You can, as root, write to /dev/kmsg to print to the kernel message buffer:

 fixnum:~# echo Some message > /dev/kmsg
 fixnum:~# dmesg | tail -n1
 [28078118.692242] Some message

I've tested this on my server and an embedded Linux device, and it works on both, so I'm just going to assume it works pretty much everywhere.

  • 1
    Interesting that in Ubuntu, this works as root but not with sudo. One actually needs to become root. – dotancohen Jun 30 '12 at 8:53
  • 15
    Actually, that's because the input redirection is handled by your shell, which is not running with elevated rights. Try running echo Some message | sudo tee /dev/kmesg as non-root. – wvdschel Jul 4 '12 at 11:56
  • 3
    That works. Thanks, interesting. By the way, its kmsg not kmesg but I also confuse with dmesg which has the e! – dotancohen Jul 4 '12 at 14:55
  • 4
    Much easier than compiling kernel module – e271p314 Mar 3 '14 at 9:22
13

Based on Kyle's module above:


#include <linux/module.h>
#include <linux/kernel.h>
#include <linux/init.h>
#include <linux/proc_fs.h>
#include <asm/uaccess.h>

static int pk_write(struct file *file, const char *buffer, unsigned long count, void *data)
{
        char string[256];
        count = count < 255 ? count : 255;

        if(copy_from_user(string, buffer, count))
                return -EFAULT;

        string[count] = '\0';        
        printk(string);
        return count;
}


static int __init printk_init(void)
{
        struct proc_dir_entry *pk_file;

        pk_file = create_proc_entry("printk", 0222, NULL);
        if(pk_file == NULL)
                return -ENOMEM;

        pk_file->write_proc = pk_write;
        pk_file->owner = THIS_MODULE;

        return 0;
}

static void __exit printk_cleanup(void)
{
        remove_proc_entry("printk", NULL);
}

module_init(printk_init);
module_exit(printk_cleanup);
MODULE_LICENSE("GPL");

To do a printk from user space:

echo "Hello" > /proc/printk
  • 1
    This works for Linux kernel < 3.10 only. See my answer for a newer alternative. – kevinf Nov 25 '15 at 21:00
5

@Calandoa's answer no longer works for Kernel +3.10. Combined his code, and the example code I found here. Then improved on the code quality...

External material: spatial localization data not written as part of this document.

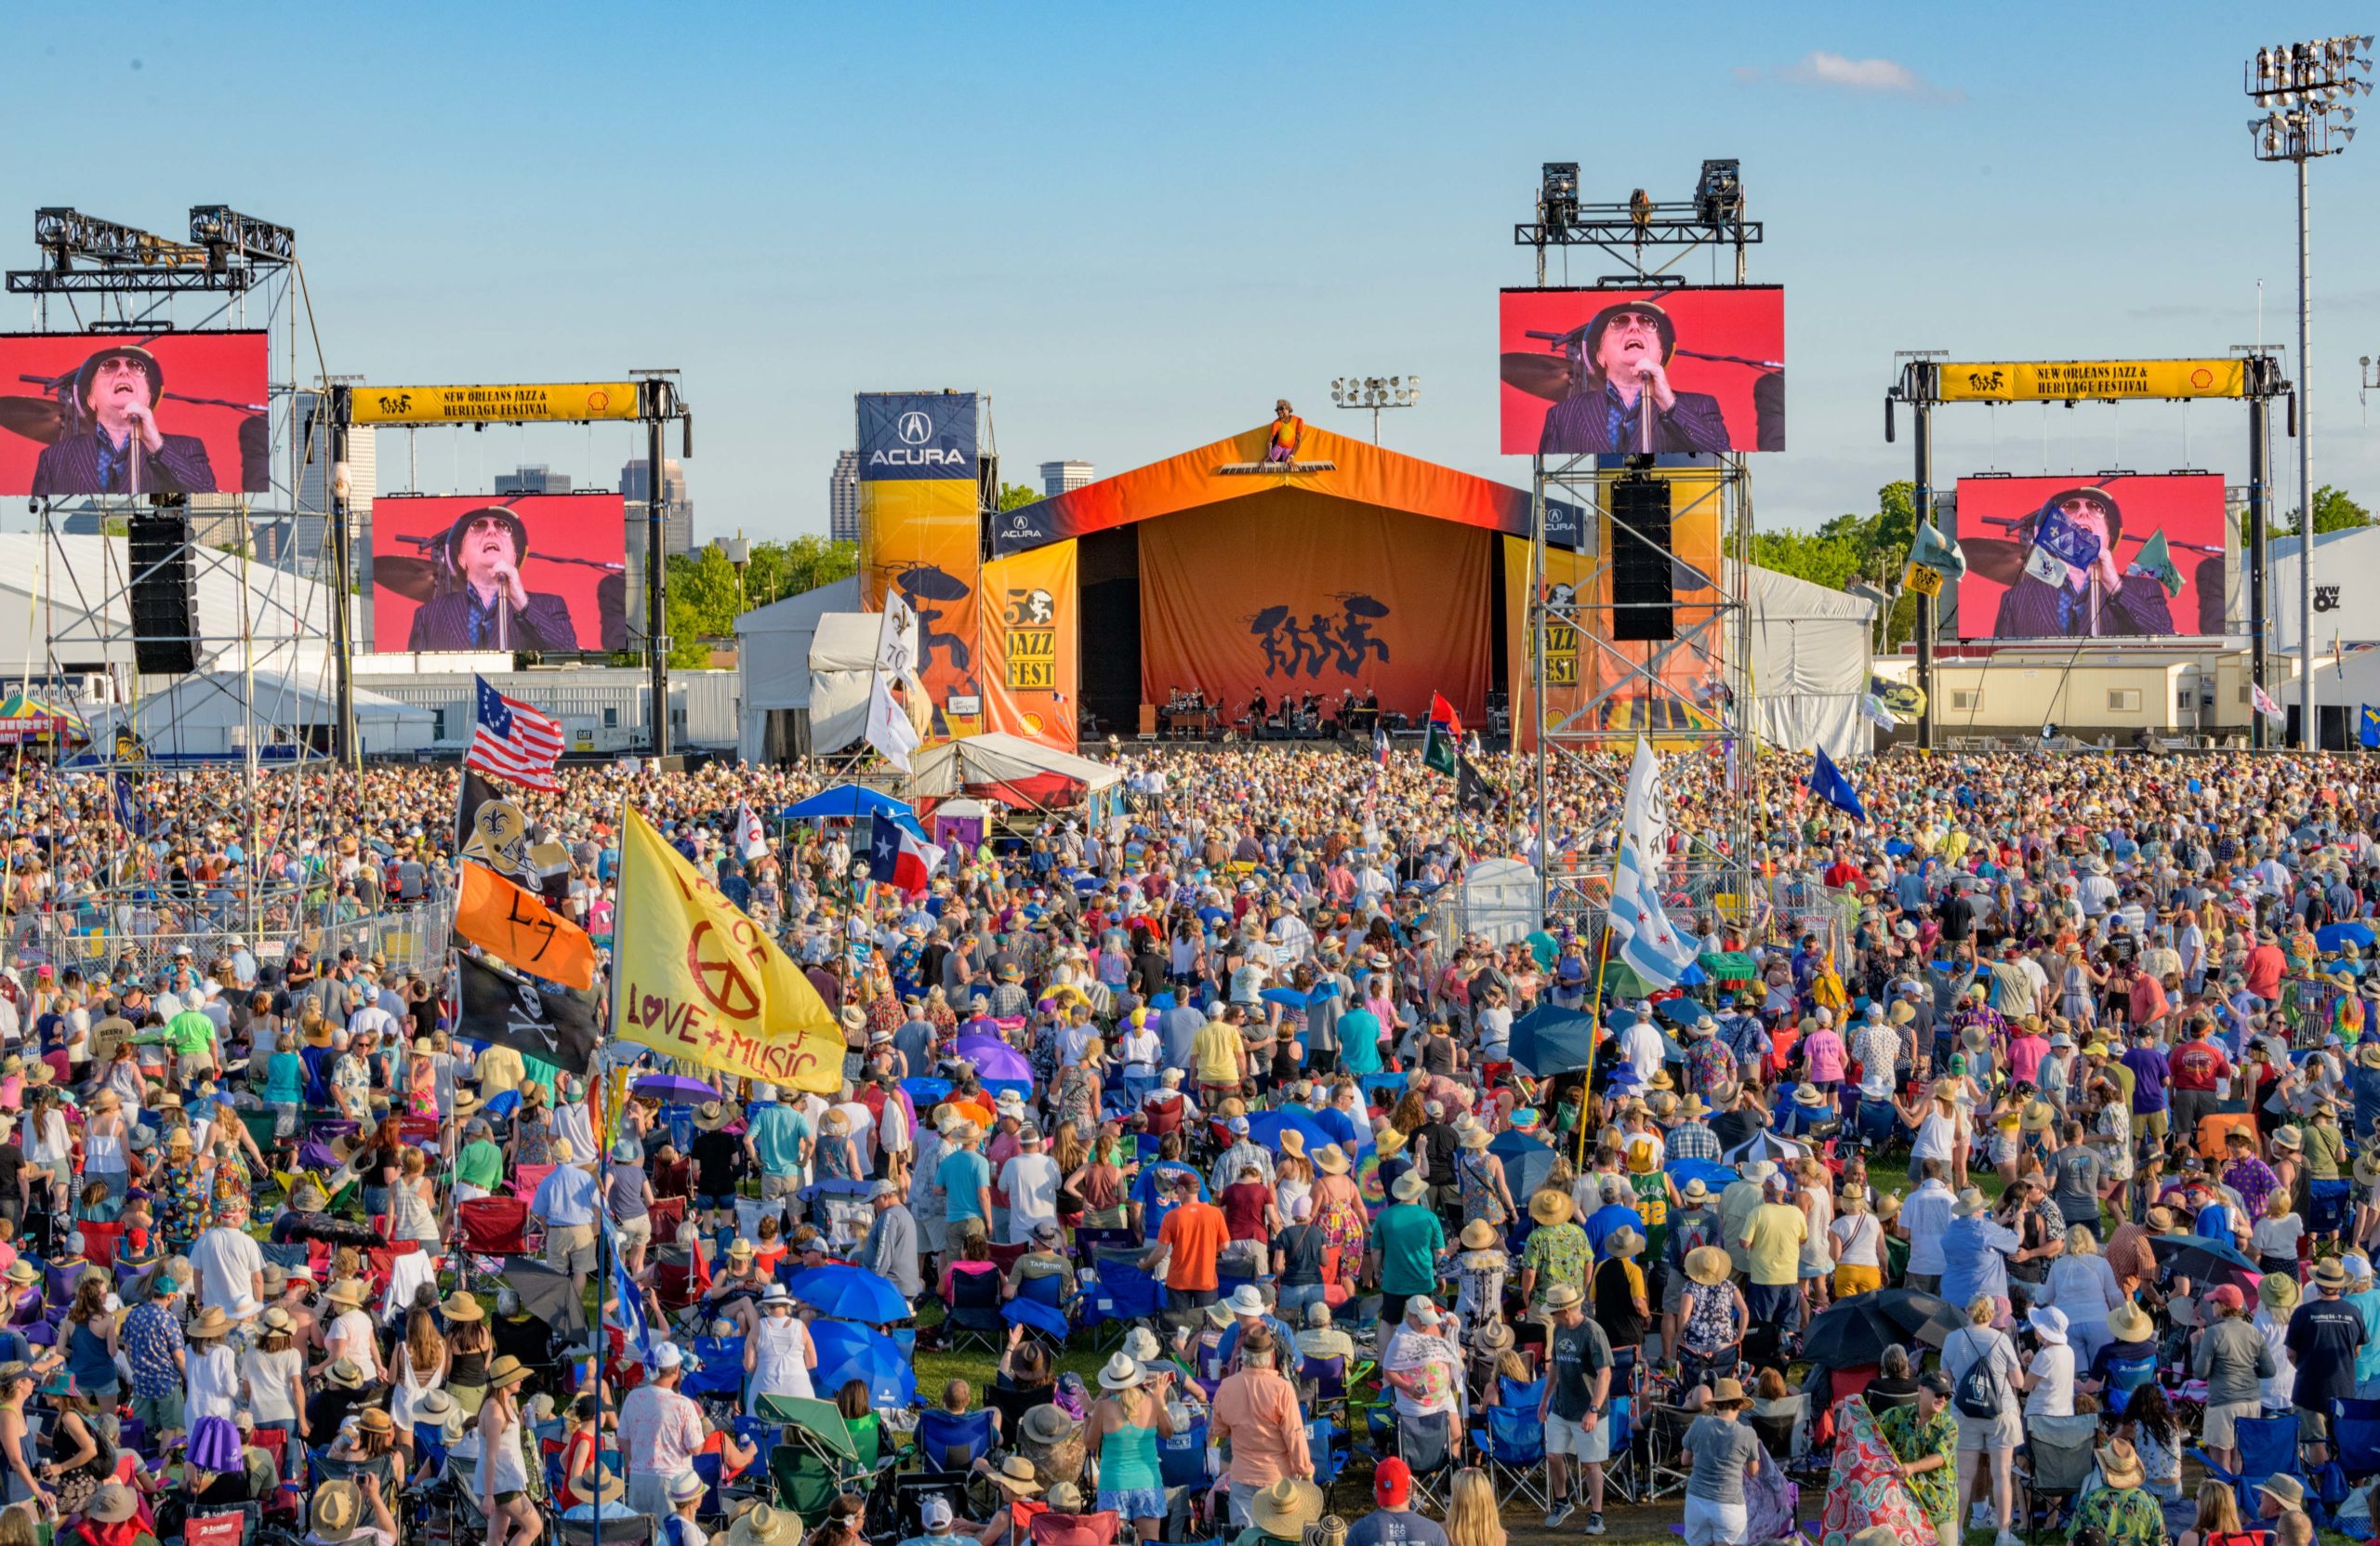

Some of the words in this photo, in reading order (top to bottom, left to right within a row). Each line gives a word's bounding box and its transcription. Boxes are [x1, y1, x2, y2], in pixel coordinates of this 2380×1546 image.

[2038, 368, 2060, 379] NEW
[2063, 367, 2110, 379] ORLEANS
[2112, 366, 2135, 378] JAZZ
[2139, 367, 2148, 377] &
[2038, 381, 2095, 394] HERITAGE
[2097, 380, 2149, 392] FESTIVAL
[444, 392, 465, 403] NEW
[468, 391, 512, 402] ORLEANS
[514, 390, 537, 402] JAZZ
[539, 391, 547, 401] &
[444, 404, 497, 416] HERITAGE
[500, 403, 549, 416] FESTIVAL
[868, 448, 966, 465] ACURA
[1001, 529, 1042, 538] ACURA
[1543, 522, 1577, 532] CURA
[1003, 588, 1054, 626] 50
[1007, 632, 1053, 659] JAZZ
[1007, 662, 1054, 685] FEST
[725, 1028, 817, 1079] MUSIC
[1635, 1200, 1667, 1225] 32
[209, 1523, 232, 1532] Academy

Code saved to printk_user.c

#include <linux/module.h>
#include <linux/kernel.h>
#include <linux/proc_fs.h>
#include <asm/uaccess.h>

static ssize_t write_proc(struct file *filep, const char *buffer, size_t count, loff_t *offsetp)
{
    char string[256];
    count = count < 255 ? count : 255;

    if(copy_from_user(string, buffer, count) != 0) {
        return -EFAULT;
    }

    string[count] = '\0';
    printk(string);
    return count;
}

static const struct file_operations proc_fops = {
    .owner = THIS_MODULE,
    .write = write_proc,
};

static int proc_init(void) {
    struct proc_dir_entry *proc_file;
    proc_file = proc_create("printk_user", 0, NULL, &proc_fops);

    if(proc_file == NULL) {
        return -ENOMEM;
    }

    return 0;
}

static void proc_cleanup(void) {
    remove_proc_entry("printk_user", NULL);
}

MODULE_LICENSE("GPL"); 
module_init(proc_init);
module_exit(proc_cleanup);

Make using this Makefile

TARGET = printk_user
obj-m := $(TARGET).o

KERNEL_VERSION=$(shell uname -r)
KDIR = /lib/modules/$(KERNEL_VERSION)/build
PWD = $(shell pwd)

printk:
    $(MAKE) -C $(KDIR) M=$(PWD) modules

clean:
    $(MAKE) -C $(KDIR) M=$(PWD) clean
3

Based off of Kyle's answer, here is a quick tutorial showing how to do just that.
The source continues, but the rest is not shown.